# HD shotgun at the gun show



## twomode (Jun 7, 2009)

At the gun show yesterday, I was mainly looking for a semi auto model, that could take or had a pistol grip full length stock, and would have lots of options available in the aftermarket. I already knew the Mossberg 500 and the Remington 870 were the most popular models, but of course, pump actions. The "same" guns in semi auto were considerably more. I was told these were the Rem 1100 and the Mossberg 930. 

Then I saw a Charles Daly "Field Tactical" in the same range as a 500. Pistol grip, 7+1 capacity, all black, 12 gauge semi auto. $305 brand new. I thought this was a fantastic price, but the guy in the booth said it's kind of like a Walmart gun. 

What do you guys think? This gun will only leave the house for practice. Is it a piece of junk? Or is it an "OK" shotgun? 

Another issue is I need Laurie to be comfortable shooting this weapon, at the range yesterday one of the guys said a 20 gauge would be easier for her to handle, without much difference in performance. I need help guys, and this is where I get it so thanks in advance for any ideas.


----------



## rfawcs (Feb 11, 2006)

Walmart gun? Did he mean it won't work? Or only work with a non-union shooter?

I don't think you would have any problems with the CD, they are known for their shotguns. But if you're looking to modify it, add bells and whistles, the Mossberg or Remington would be a better choice.

The only way to know if Laurie would have a problem with a 12-gauge would be to have her shoot one. Know anyone with a shotgun she could try? A 20-gauge should have not-so-bad felt recoil.

Just curious, have you shot a 12-guage with a pistol grip? I had a Mossberg 500 12-gauge that came with one. I put it on, went to the range, shot it, went home, and put the stock right back on. You wouldn't have any problem maneuvering in a residence with a stocked shotgun with an 18-inch barrel.


----------



## kev74 (Mar 22, 2008)

I've got a Mossberg 500 with a pistol grip in 20 gauge. The recoil is stout but manageable. I don't think I'd have the same control if it were a 12 gauge. And I don't feel like I'm lacking any knockdown or stopping, or what ever kind of power by "only" having a 20 gauge.


----------



## bruce333 (Sep 1, 2006)

> The only way to know if Laurie would have a problem with a 12-gauge would be to have her shoot one


+1 There are "low recoil" 2-3/4" rounds available also...

These are imported guns, which may be what he meant be "Wal Mart" gun.
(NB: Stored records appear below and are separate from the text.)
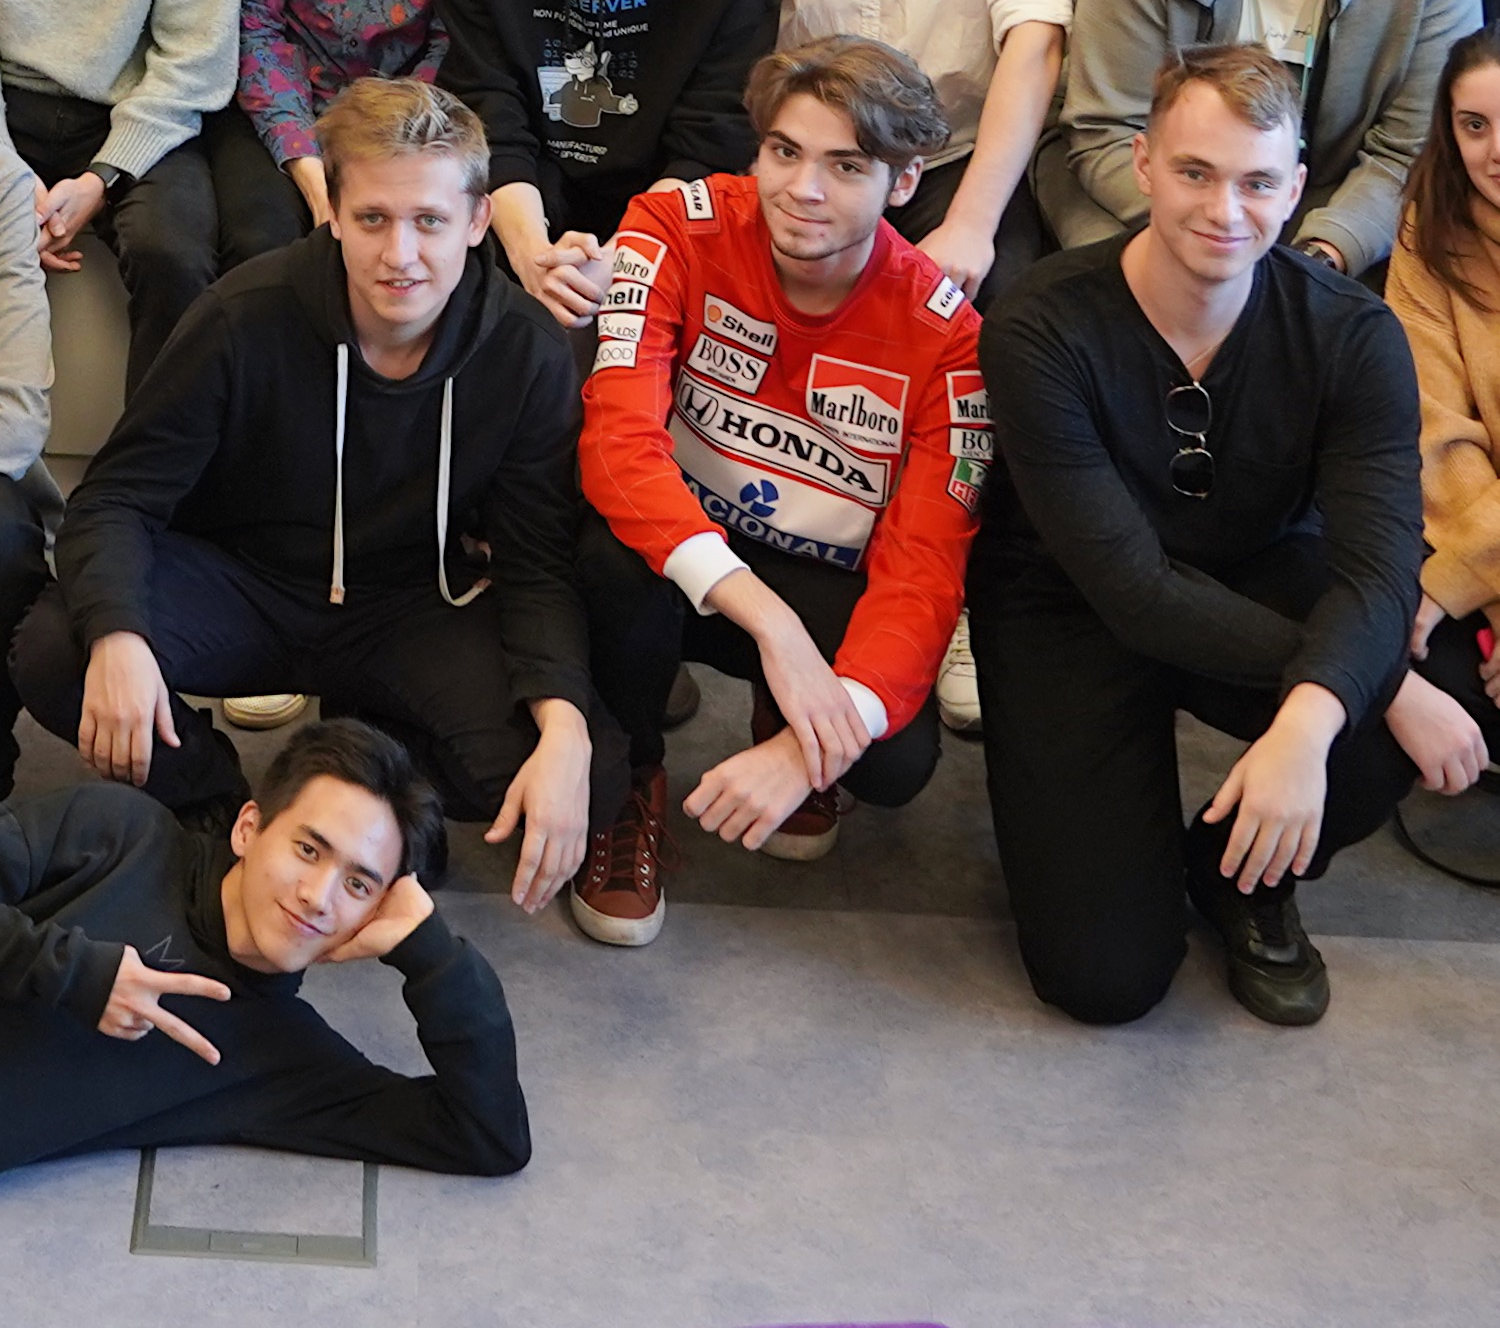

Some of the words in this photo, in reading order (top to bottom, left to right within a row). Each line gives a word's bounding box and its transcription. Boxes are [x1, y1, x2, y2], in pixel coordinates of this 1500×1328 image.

[612, 252, 650, 280] lboro
[721, 314, 774, 349] Shell
[697, 336, 762, 382] BOSS
[811, 390, 900, 435] Marlboro
[716, 408, 879, 495] HONDA
[687, 479, 847, 566] ACIONAL
http://www.thehighroad.org/showthread.php?t=407233


Charles Daly said:


> the CD Tactical is manufactured for us in Turkey by Akkar.


----------



## rccola712 (Aug 26, 2008)

my 5'7" 120lb girlfriend handles 12ga fine, in fact she's even shot a 3 1/2 mag before and did alright with it. In fact, she would prefer a 12 ga over 20 any day. have her shoot a 12 first and see how she likes it would be my suggestion.


----------



## SaltyDog (Jan 1, 2009)

Well if you are worried about recoil then the semi-auto would be the way to go. Much less felt recoil than the pump action. Also the weight of the gun has a lot to do with it. The heavier the better to reduce recoil. I used to shoot trap and preferred shooting the Remington 1100 over the Browning Citori over/under (if it was going to be an all day event). The Browning is probably the best shotgun I have ever fired but it sure did wear out my shoulder. The Browning was light, which made it an absolute dream for following targets, and it is a fixed breach gun. Both had butt pads.I could shoot the Remington 1100 with one hand (don't try this at home).:smt083

There is a lot of controversy over the recoil of a 12 ga over a 20 ga. Some say it is less with the 20 ga. I've shot both and didn't notice any difference between the two. Kinda like the difference between shooting 9mm +p and the 40 S&W.

As far as the CD shotgun - I have no personal experience with it one way or another. I have always been under the premise that you get what you pay for. I can understand your situation but if you are using this shotgun for SD :numbchuck: wouldn't you want the best/most reliable weapon you could afford?

That Remington 1100 tactical is a sweet looking and feeling weapon (just looked at one in the local gun store). I'm sure it is out of the price range talked about here - they wanted $750 for it.


----------



## twomode (Jun 7, 2009)

Well I listened to all, stood in front of 2 different booths for an hour and bought a Mossberg 500 Persuader. It has a pistol grip, 7+1 capacity, all black. 

Took it home and showed Laurie the in's and outs, and she liked it alot. She's concerned about actually shooting it only because she never has. Any shotgun. Felt pretty good, has a little "heft" when it's full of ammo, and looks good as well. As for the Charles Daly, one of my criteria was availability of accessories, and there probably is a lot more stuff for the 500 than the Daly. And if I like it, I can buy a folding stock. So I'm a winner all around. That's going to be it for awhile when it comes to adding to the family, 5 will do for the time being. Again, thanks a lot for all the advice. It helps a lot when you get good information from everyone here.


----------



## SaltyDog (Jan 1, 2009)

12 or 20ga?

Congrats Mossberg makes a fine shotgun. Just looked at it online and it is a fine looking tool!

Just wait till you get the stimulus tax credit from the Obamanation and you can get another one.:anim_lol:


----------



## twomode (Jun 7, 2009)

I bought the 12 ga. I thought about the 20 but all I read here said there wasn't that much difference between the two in terms of stopping power or recoil which was my concern with Laurie. Once we finished our CC class her confidence level was immediately higher so we just have to find someplace to shoot. My local range does not allow shotguns. Oh well.


----------